**TASK REQUIREMENTS:** Retype each entry verbatim. Do not include the images.

** RECORDS TO PROCESS follows **

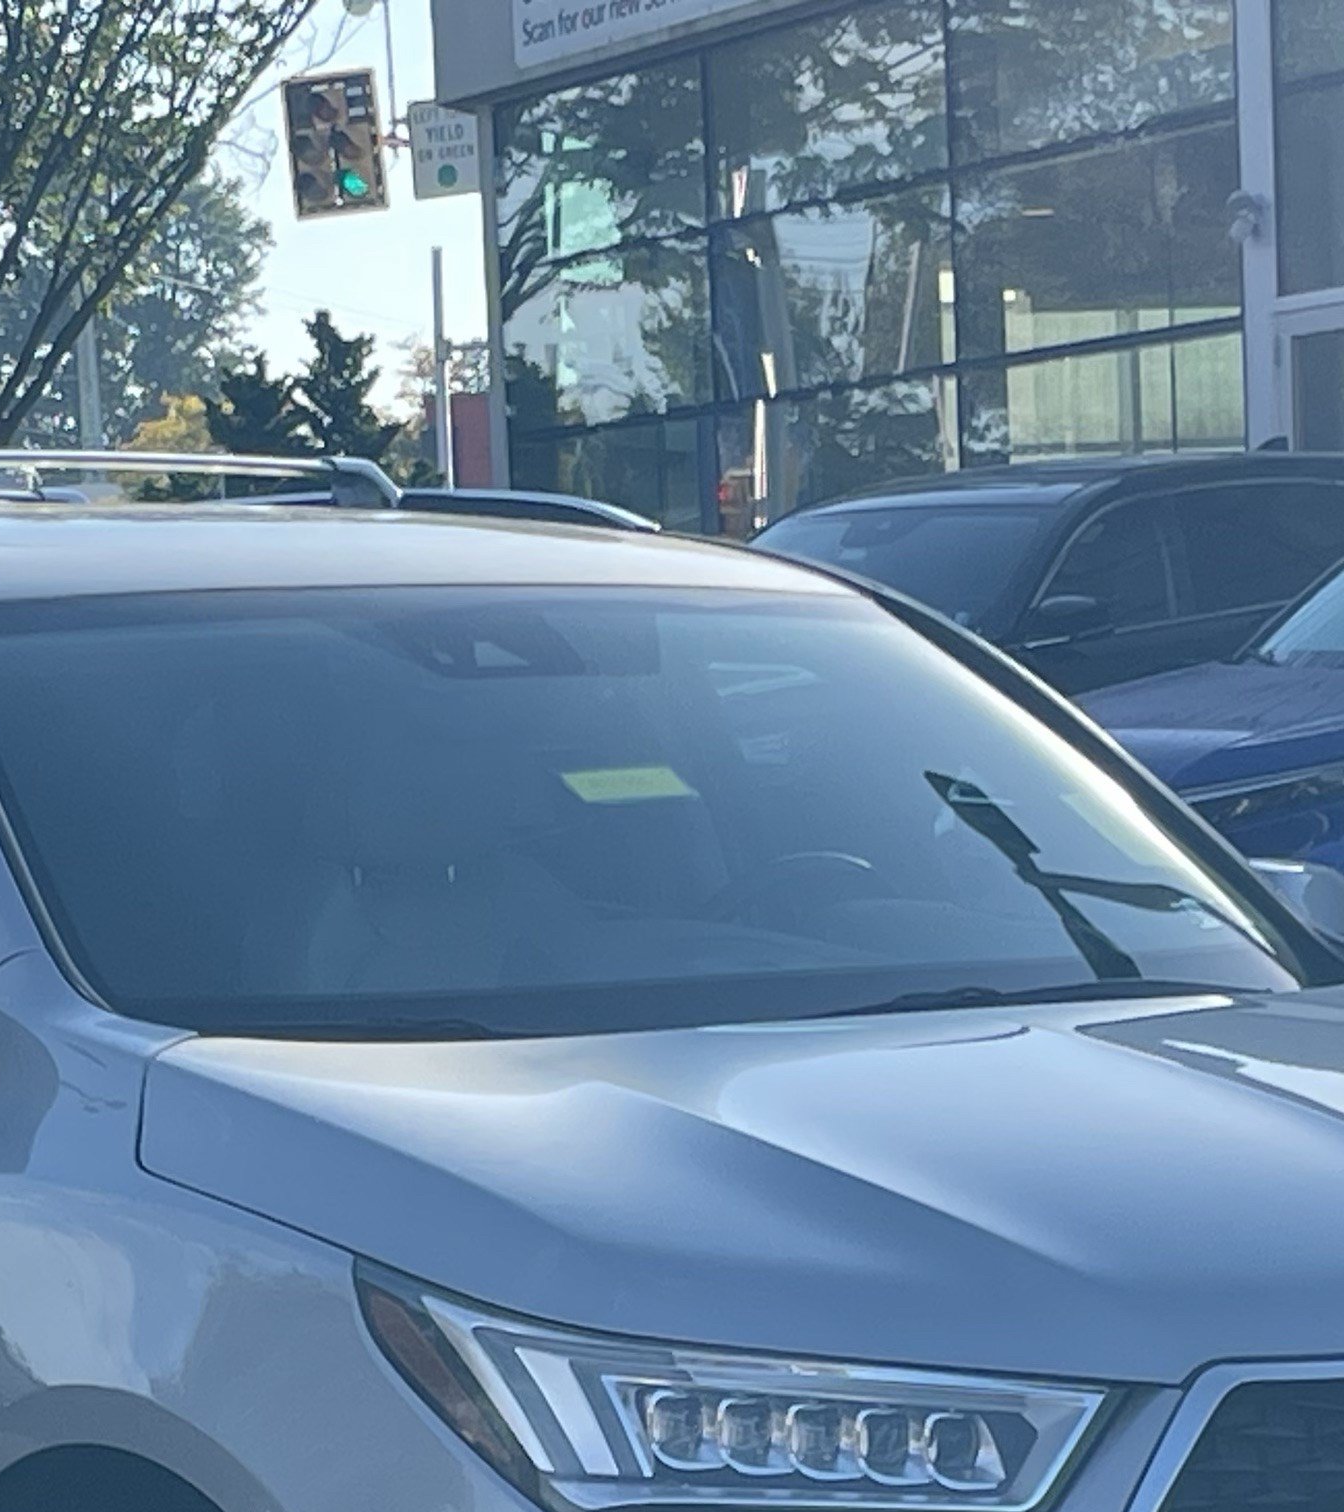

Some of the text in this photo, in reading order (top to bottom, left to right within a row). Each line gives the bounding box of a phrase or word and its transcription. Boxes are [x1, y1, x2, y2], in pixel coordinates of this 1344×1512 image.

[522, 17, 555, 47] Scan
[557, 8, 580, 36] for
[581, 3, 606, 30] our
[424, 123, 464, 143] YIELD
[438, 143, 475, 160] GREEN

** End of RECORDS TO PROCESS **

**FINAL ANSWER:**
Some of the text in this photo, in reading order (top to bottom, left to right within a row). Each line gives the bounding box of a phrase or word and its transcription. Boxes are [x1, y1, x2, y2], in pixel coordinates of this 1344×1512 image.

[522, 17, 555, 47] Scan
[557, 8, 580, 36] for
[581, 3, 606, 30] our
[424, 123, 464, 143] YIELD
[438, 143, 475, 160] GREEN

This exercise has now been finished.